RFC Template Version(1.0)
Submission Date June 6, 2011
Last Modified Dan Stoica January 14, 2011
AuthorDan Stoica
RFC StatusFor review
Implementation StatusPrototype
Proposed Milestone3.6.0.0
Assigned PSC guide(s)Greg Boone
Voting History
+1
+0
-0
-1

Overview

This RFC is for handling the cases where DBF files contain DECIMAL(precision, 0) columns.

Motivation

The motivation is well explained by: Ticket #365 [SHP Provider]: When executing IApplySchema, Int32 properties are converted to Decimal properties http://trac.osgeo.org/fdo/ticket/365

If you execute an IApplySchema on a SHP connection. Any Int32 properties in any class definitions inside the schema (to be applied) will be converted to Decimal properties once the schema has been applied. This does not happen if the Int32 property happens to be an Identity property. <<

For further clarification "will be converted to Decimal properties" refer to FdoDecimal properties.

Note storing !FdoInt32 as Decimals is expected since by specification DBF files natively do not have an integer type, but only DECIMAL(precision, scale) datatype. The same apply to double and single precision datatypes. Hence a integer type like !FdoInt32 is mapped to a DECIMAL(11, 0) column type.
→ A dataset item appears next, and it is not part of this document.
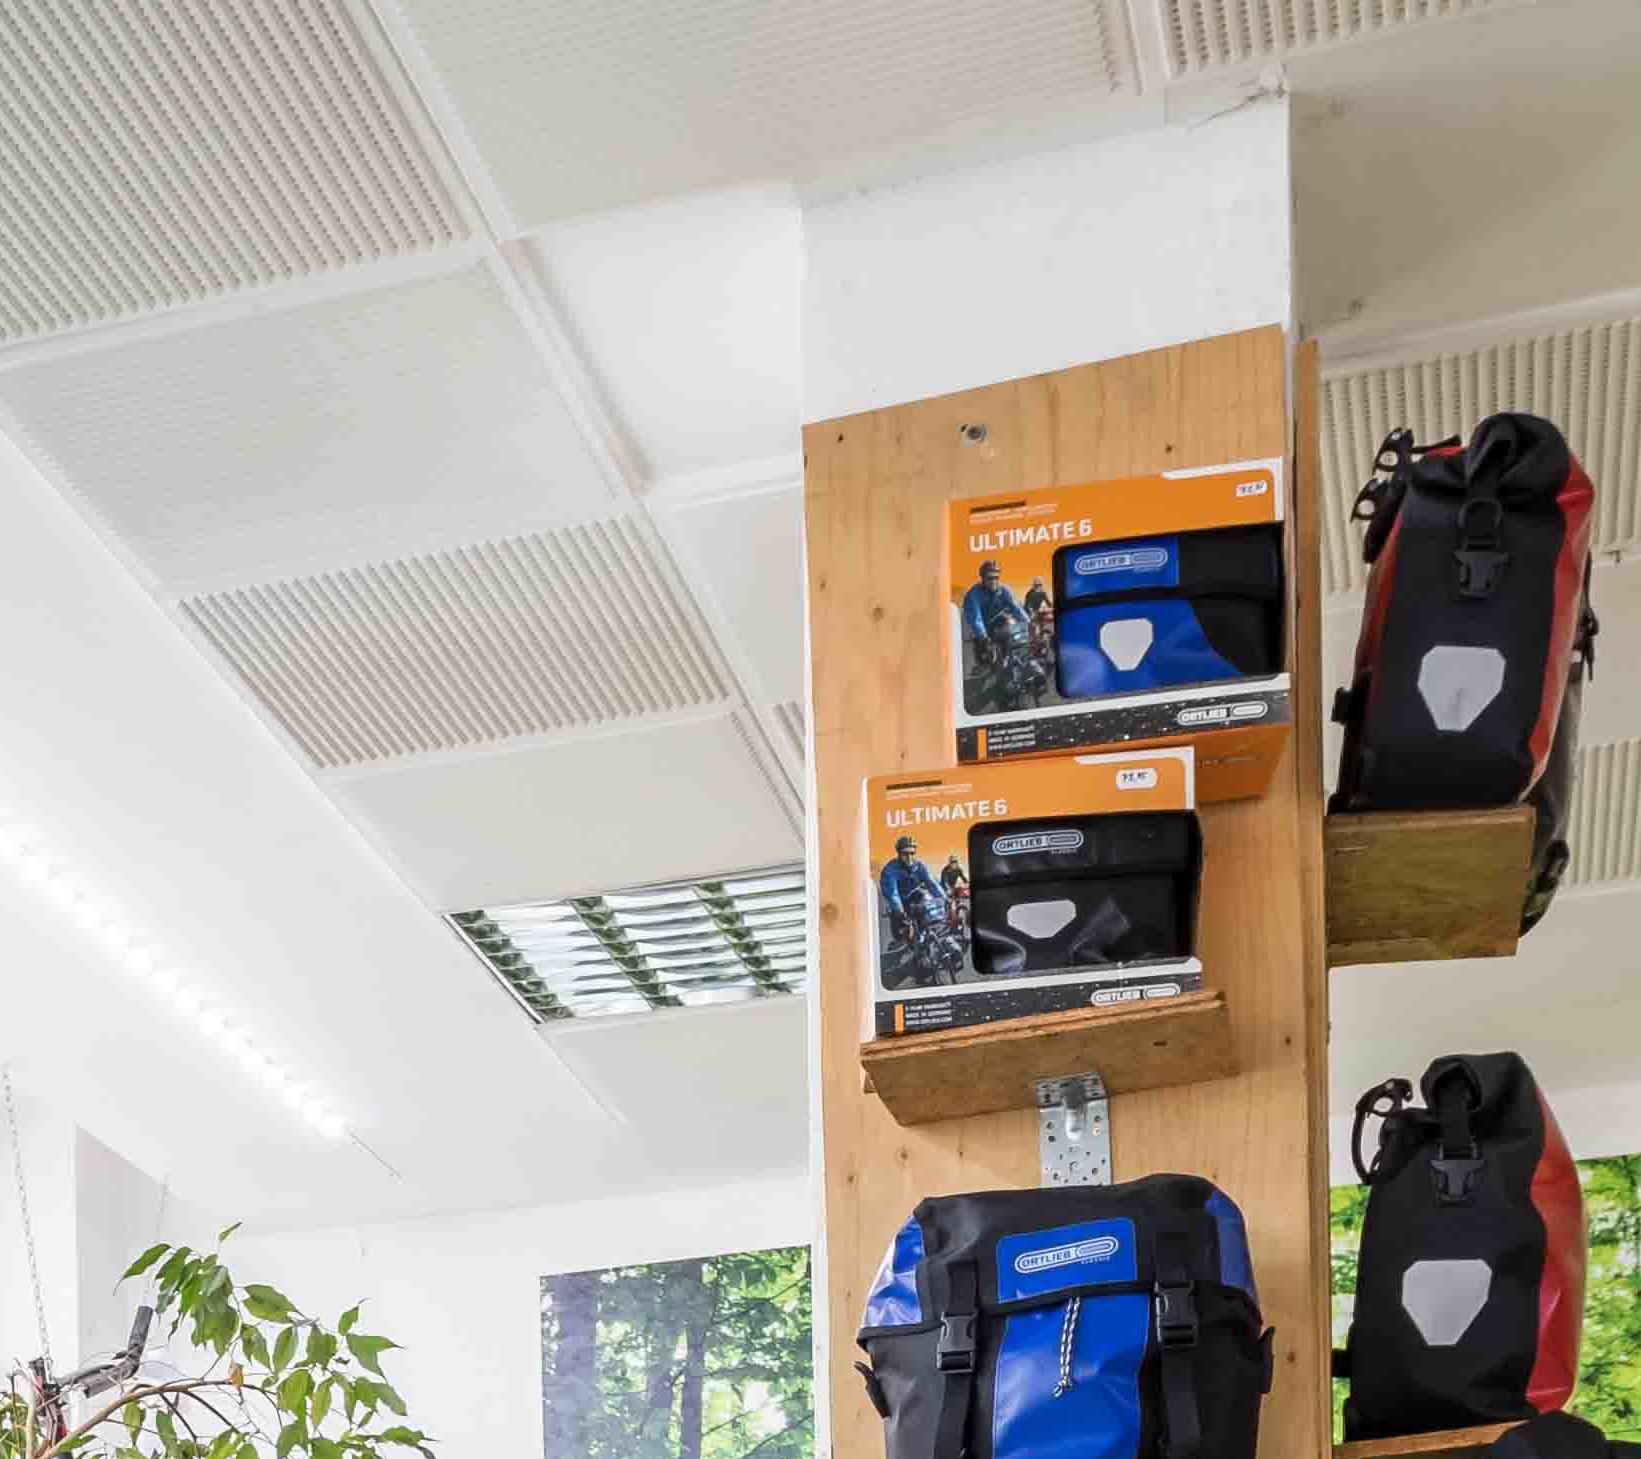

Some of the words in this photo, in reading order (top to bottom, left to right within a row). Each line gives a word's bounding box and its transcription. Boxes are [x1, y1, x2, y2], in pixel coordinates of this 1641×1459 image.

[969, 520, 1076, 552] ULTIMATE
[1078, 518, 1093, 537] 6
[886, 800, 990, 827] ULTIMATE
[994, 799, 1008, 815] 6
The impact is on Describe Schema when currently a FdoDecimal is returned for a DECIMAL column even in the cases when the scale is zero and most probably the original type was a !FdoInt32.
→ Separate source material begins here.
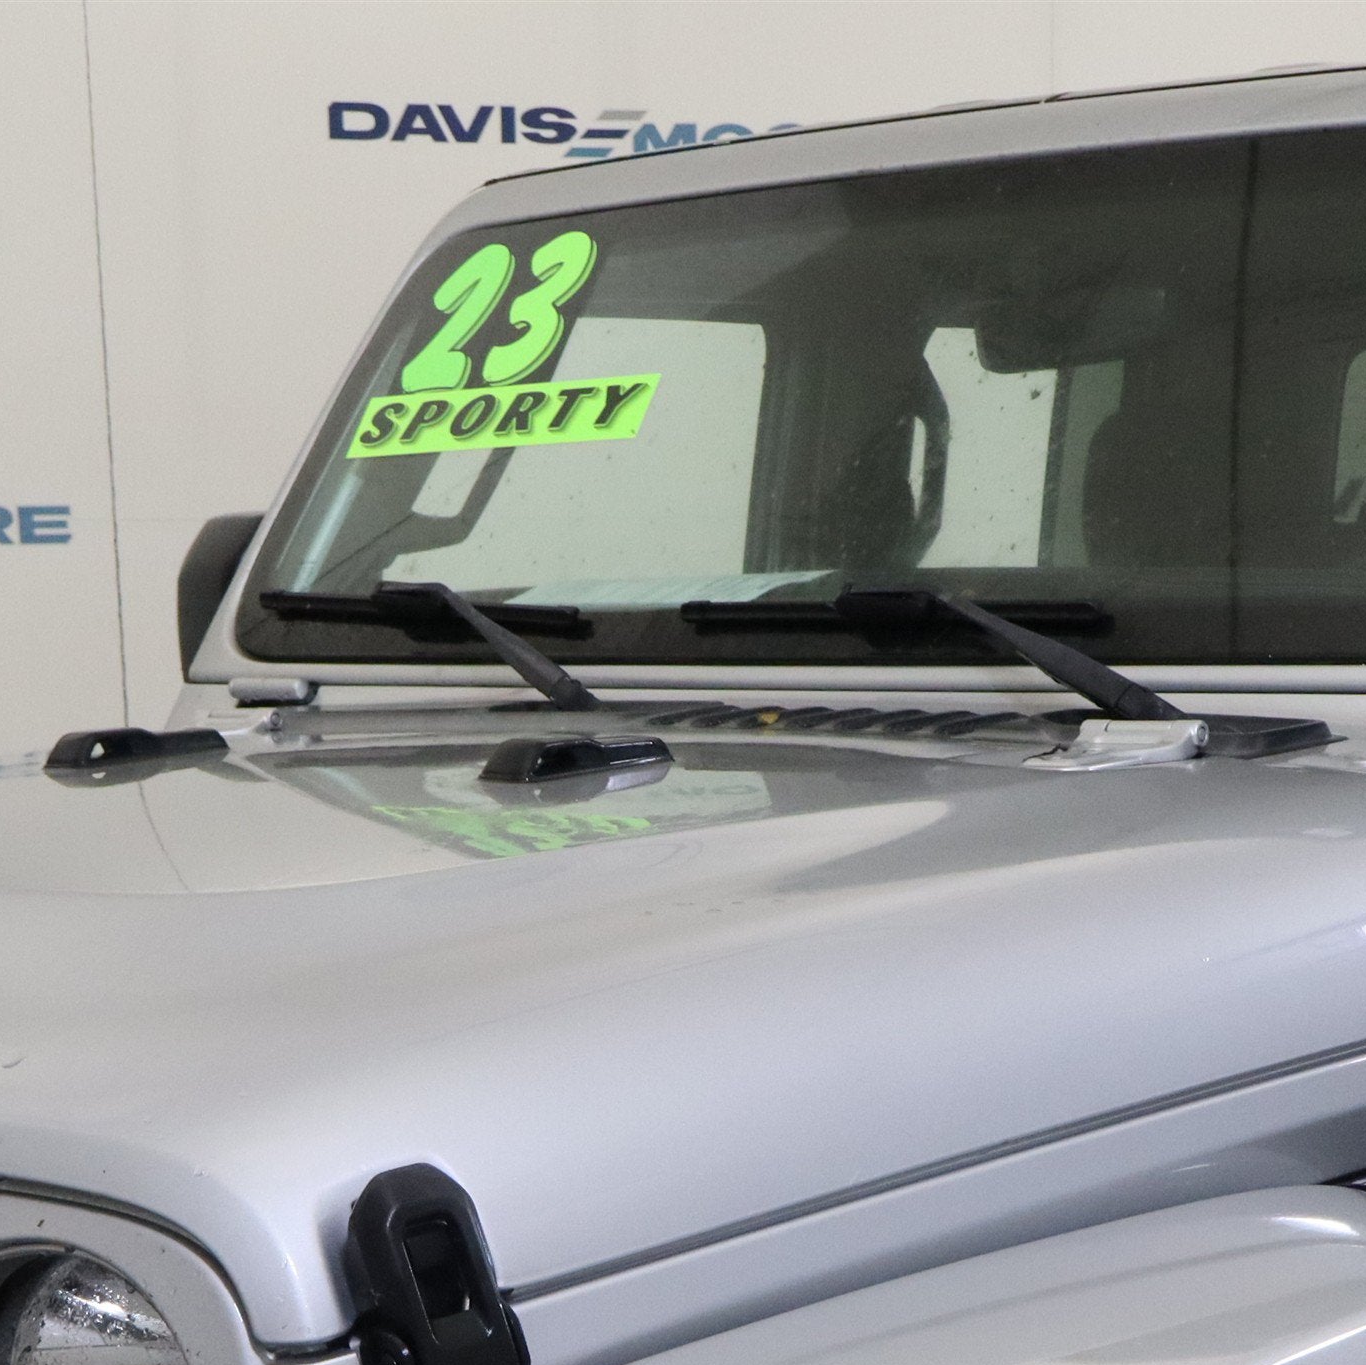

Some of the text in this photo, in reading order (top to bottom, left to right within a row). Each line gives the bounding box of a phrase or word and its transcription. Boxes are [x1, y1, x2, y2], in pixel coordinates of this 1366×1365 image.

[328, 101, 557, 145] DAVIS
[401, 231, 598, 394] 23
[360, 382, 651, 448] SPORTY
This RFC is required since reading back a !FdoInt32 instead of a FdoDecimal is a change in behavior. For completitude !FdoInt16 and !FdoInt64 have been added to the scope.

Proposed Solution

Modify the FDO SHP provider:

  • the DBF to FDO datatype mapping (physical to logical conversion) needs a small refinement. In the case of DECIMAL(precision, scale) check the scale value. When the scale is 0 (zero) and depending on the precision return !FdoInt16, !FdoInt32 or !FdoInt64 rather than an FdoDecimal. Note SHP provider currently does not support !FdoInt64 or !FdoInt16 datatypes and they have to be added to the schema capabilities.

Below the mapping between FdoIntXX datatypes and Decimal precision:

Fdo type precision range
!FdoInt16 1...6 -32,768 to 32,767
!FdoInt32 7...11 -2,147,483,648 to 2,147,483,647
!FdoInt64 12...20 -9,223,372,036,854,775,808 to 9,223,372,036,854,775,807

Note: beyond the !FdoInt64 range the current behaviour will be preserved, i.e. the property type will remain FdoDecimal.
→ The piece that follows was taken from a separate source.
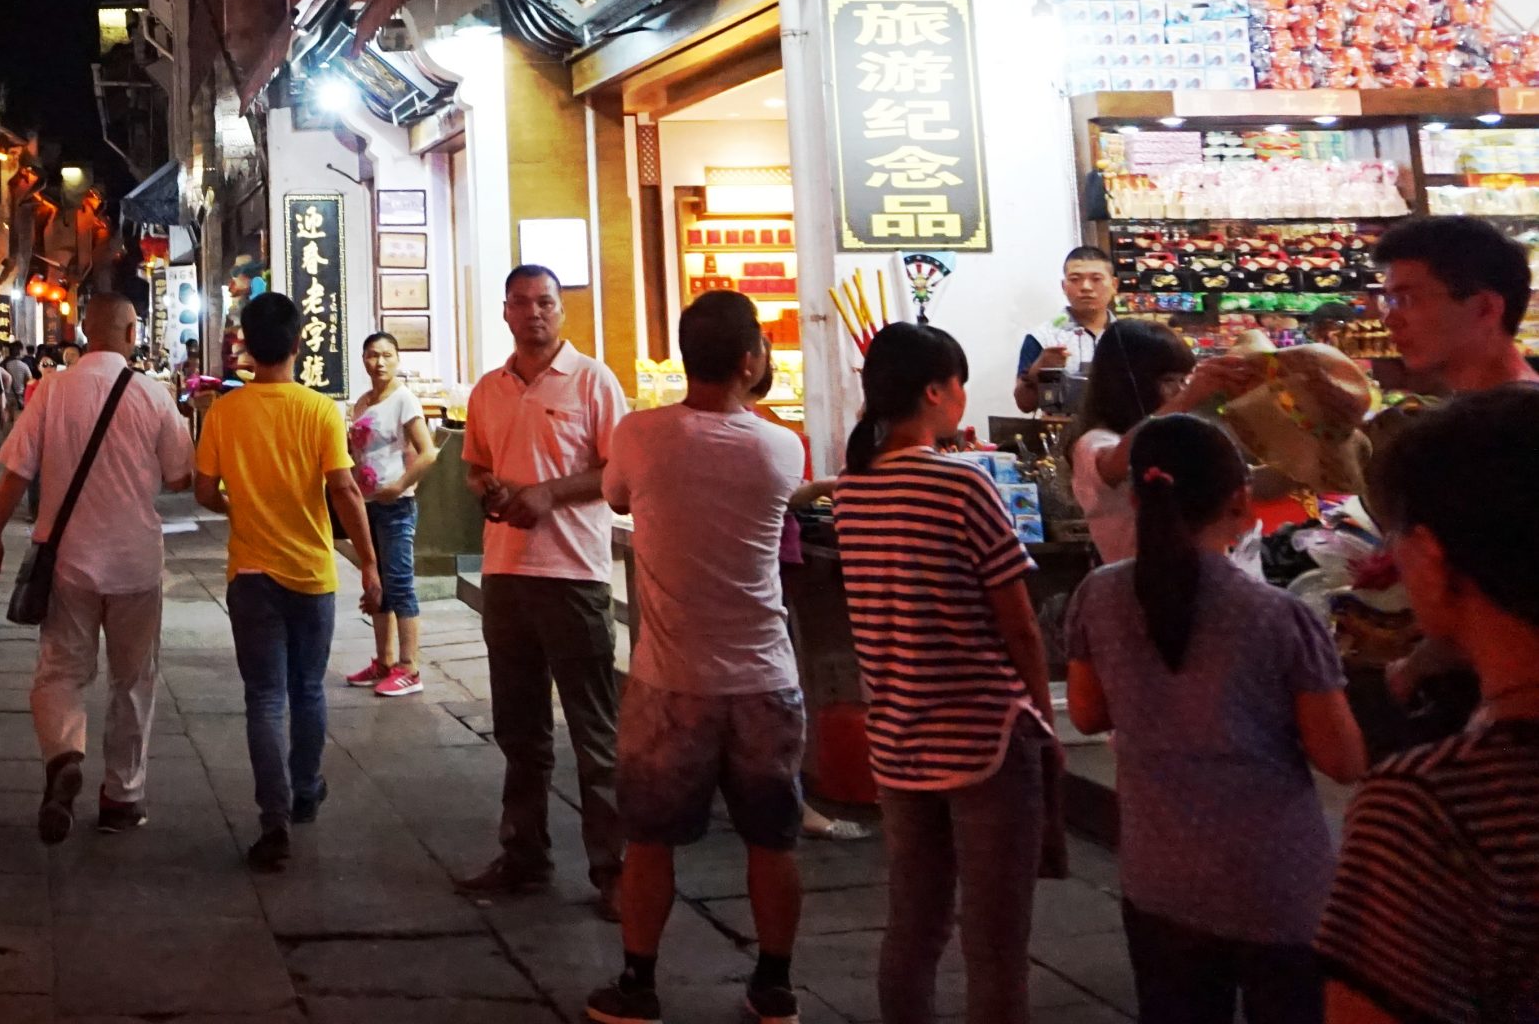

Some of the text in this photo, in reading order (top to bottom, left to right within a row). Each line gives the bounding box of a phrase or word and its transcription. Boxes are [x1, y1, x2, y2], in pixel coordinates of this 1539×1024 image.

[853, 1, 963, 240] 旅游纪念品
[295, 205, 330, 388] 迎春老字號
But assume a SHP file with a column of DECIMAL(4,0). DescribeSchema will return that as a FdoInt16. On an insert operation we need to make sure the user has enough information to avoid values out of (-999, 999) range. Or in an ApplySchema operation we need to treat the Int16 as DECIMAL(6,0) as opposed to DECIMAL(4,0) to be sure it can handle the full range. Therefore a suplimentary change is needed: the FdoPropertyDefinition will return FdoIntXX datatype but retain the original Precision (the Scale is implicit zero).

Implications

  • In the case of physical DECIMAL(precision, scale) column the corresponding logical FDO property type will be set according to the scale. The caller must expect either a FdoDecimal or a FdoIntXX when reading a SHP schema.
  • This is a behavior change for the SHP provider. Before this change, SHP would return only FdoDecimal for all numerical FDO types. It would never return an FdoIntXX except for the identity property (which actually is not stored).
  • The provider will return a FdoIntXX even for properties which originally were DECIMAL(p, 0). This issue can be mitigated by noting the SHP provider already does silent corrections on the fly in certain cases, like truncating the property names when found too long (both on reading and writing).
  • The FdoDataPropertyDefinition documentation will be change to reflect that precision apply to all integer types not only for decimals. In case the precision is not set (zero) then the full range is assumed. This is the current behavior.
    /// \brief
    /// Gets the precision (total number of digits) of a decimal or integer data property.
    /// This value does not apply to any other FdoDataType.
    /// 
    FDO_API FdoInt32 GetPrecision();

Test Plan

  • Enhance the unit tests and add roundtripping fidelity tests for !FdoInt16, !FdoInt32 and !FdoInt64 properties.
  • Add tests to check for out of range values. Make sure the out-of-range values on insert are detected.

Funding/Resources

Autodesk to provide resources/funding.